Esse caminho equivocado, de confrontação permanente, deu no mensalão. Eles recorreram aos fisiológicos do Congresso, em vez de estabelecer uma ponte com a oposição responsável. O pior é que não era necessário. Quem sabe agora, na condição de ex-presidente, o Lula se disponha a manter alguma forma de diálogo comigo, conosco… Uma conversa franca, nesse sentido. Seria interessante para ambos os lados. Poderia resultar numa agenda civilizada para o Brasil. Mas tenho dúvida, dado o grau de acirramento das animosidades, se isso serás possível. Infelizmente, estabeleceu-se uma disputa entre o PT e o PSDB, para ver quem comanda o atraso. E, muitas vezes, o atraso é que comanda – como no caso do mensalão, volto a dizer.
Que conselho o senhor daria ao ex-presidente?
Para ter humildade. O Lula foi tomado por uma apoteose mental. Ele realmente passou a acreditar no que diz a propagnda do seu governo e nos elogios dos seus áulicos. O curioso é que ele sempre me acusou de ser um sujeito demasiado vaidoso, arrogante, narcisista. Mas é o contrário. Comparado a ele, sou Gandhi.
Que conselho o senhor daria ao próximo presidente?
Para não viver sob o impulso do passado. O Brasil precisa urgentemente de uma visão estratégica. Precisamos pensar sobre o papel que teremos num mundo em que o eixo do poder se desloca velozmente para a China. Outro exemplo: qual será a nossa matriz energética? Vamos mesmo apostar tudo no pré-sal? E quanto à justiça, à segurança, à educação: o que podemos fazer de fato, e rápido? As nossas questões não são mais econômicas, isso já está resolvido. Aprendemos a trabalhar bem nessa área. Nossa agenda, agora, é outra. Ou deveria ser.
O senhor, tão demonizado pelo PT, sente-se injustiçado?
Injustiçado, não, porque sou bem tratado de forma geral, como disse no início desta entrevista. Mas a minha figura acabou distorcida na imprensa, em certos meios intelectuais e, é triste dizer, contaminou até mesmo setores do partido que fundei. De vez em quando, os absurdos que os inimigos dizem a meu respeito são tamanhos que me sinto obrigado a me defender. Mas, em geral, como estou fora da rinha, lido bem com essa distorção e deixo para lá.
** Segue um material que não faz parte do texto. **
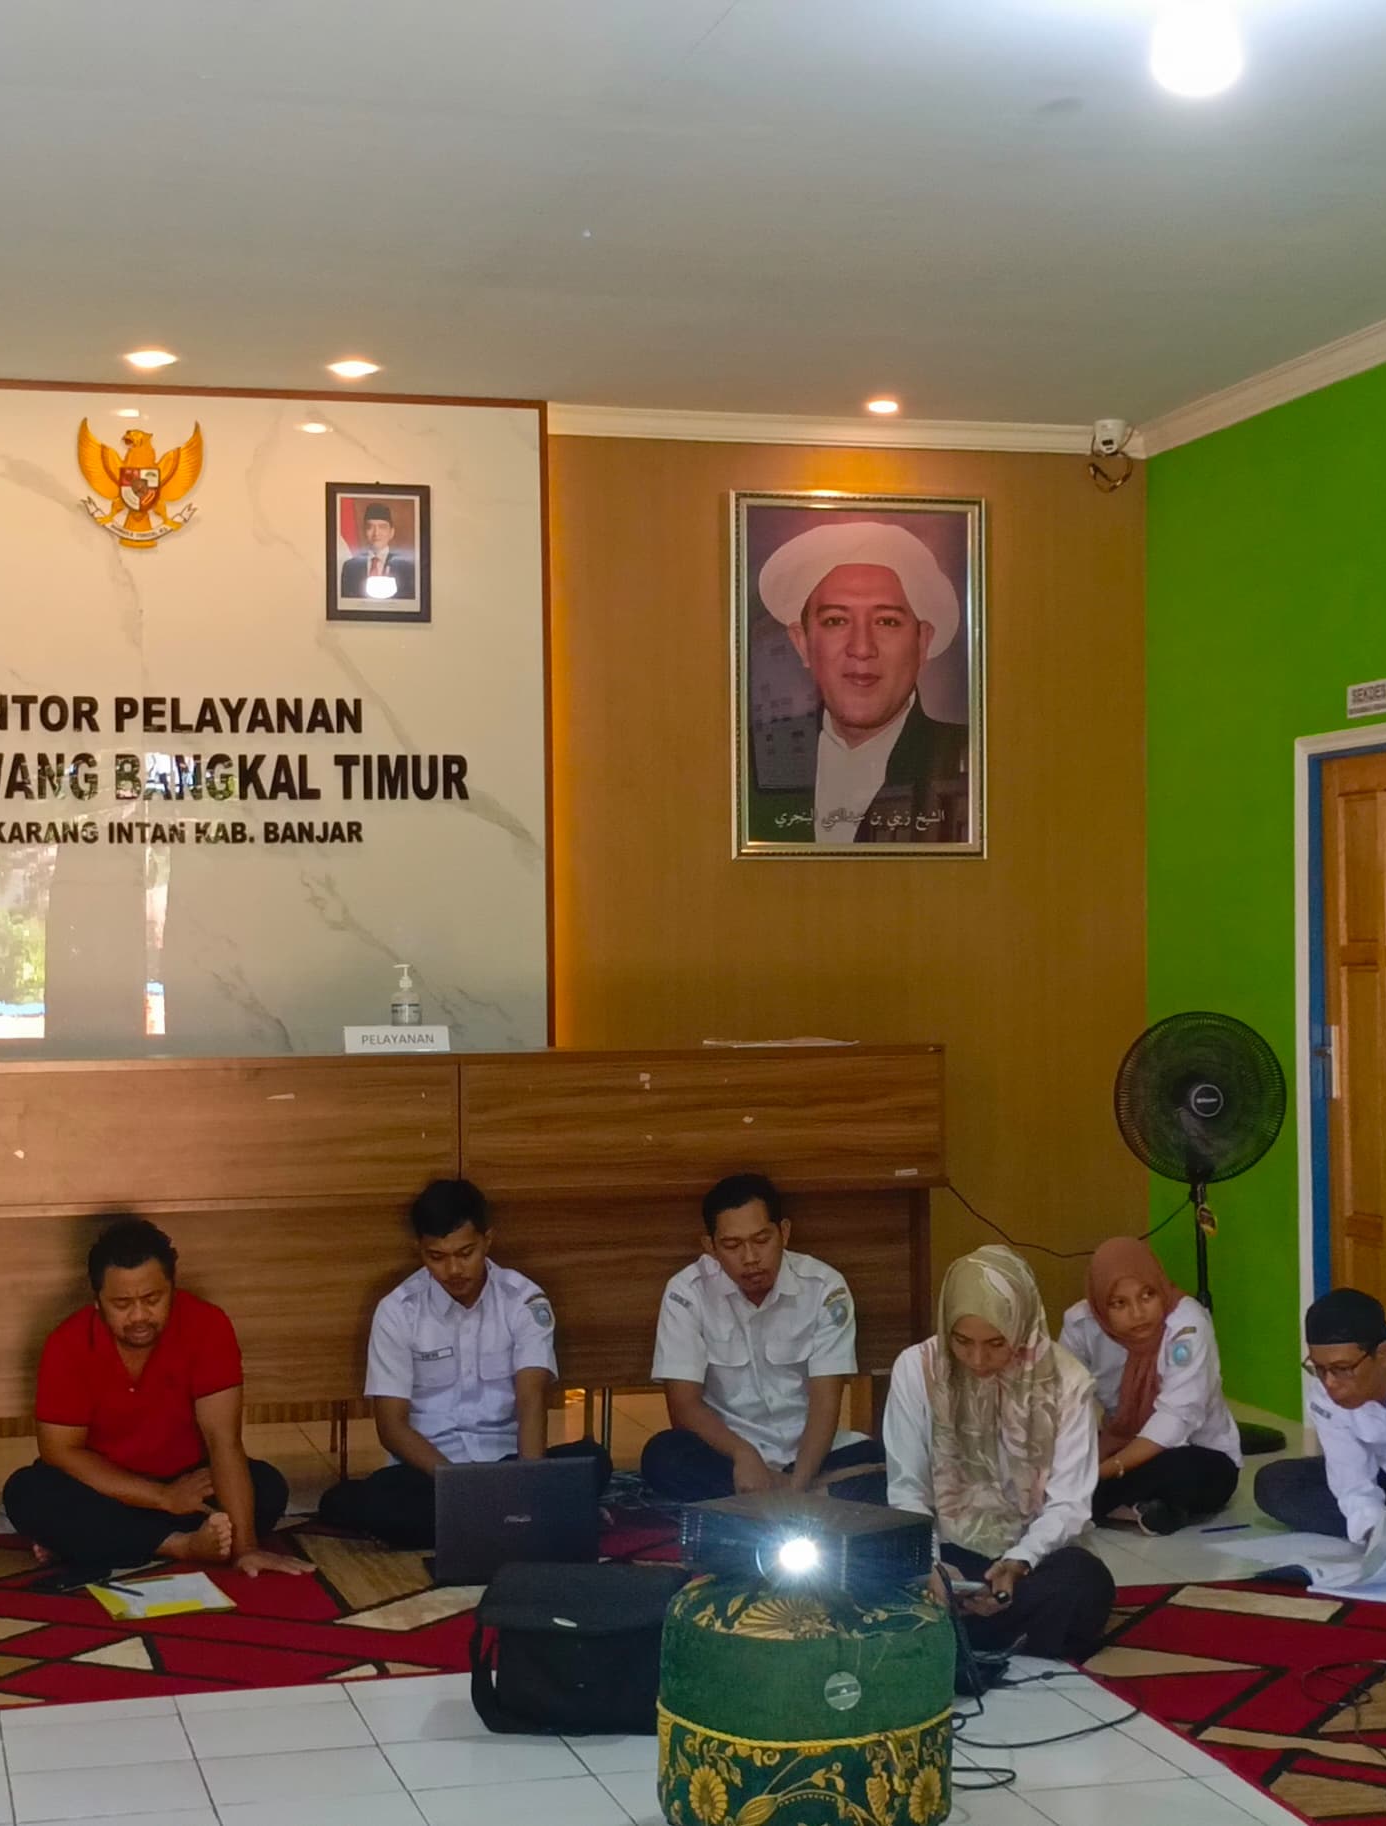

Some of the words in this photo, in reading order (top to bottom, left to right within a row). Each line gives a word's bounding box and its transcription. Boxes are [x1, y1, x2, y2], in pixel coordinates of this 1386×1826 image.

[115, 697, 362, 734] PELAYANAN
[115, 754, 321, 801] BANGKAL
[334, 754, 470, 801] TIMUR
[108, 821, 186, 844] INTAN
[194, 821, 255, 844] KAB.
[263, 821, 364, 844] BANJAR
[361, 1034, 434, 1045] PELAYANAN
Penso é no julgamento da História.
E como a História o julgará?
A História é uma contínua reinterpretação e será assim tanto em relação a mim como em relação ao Lula. Mas isso não me abala. Ora vão me exaltar, ora me esculhambar, dependendo da visão ideológica que se tenha no momento. Não é assim em relação até mesmo a grandes nomes como Napoleão e Bismarck? Por que não seria comigo? Esse é o ônus dos políticos que fizeram algo de relevante, deixaram uma marca pública e não permitiram que sua vida passasse em branco. É o meu caso e também o do Lula.
Qual seria a frase com a qual o senhor gostaria de passar á história?
Fernando Henrique Cardoso foi um democrata que teve a coragem de fazer o que deveria ser felto. Trata-se de uma frase, enfim, que deveria definir todos os ex-presidentes brasileiros daqui por diante.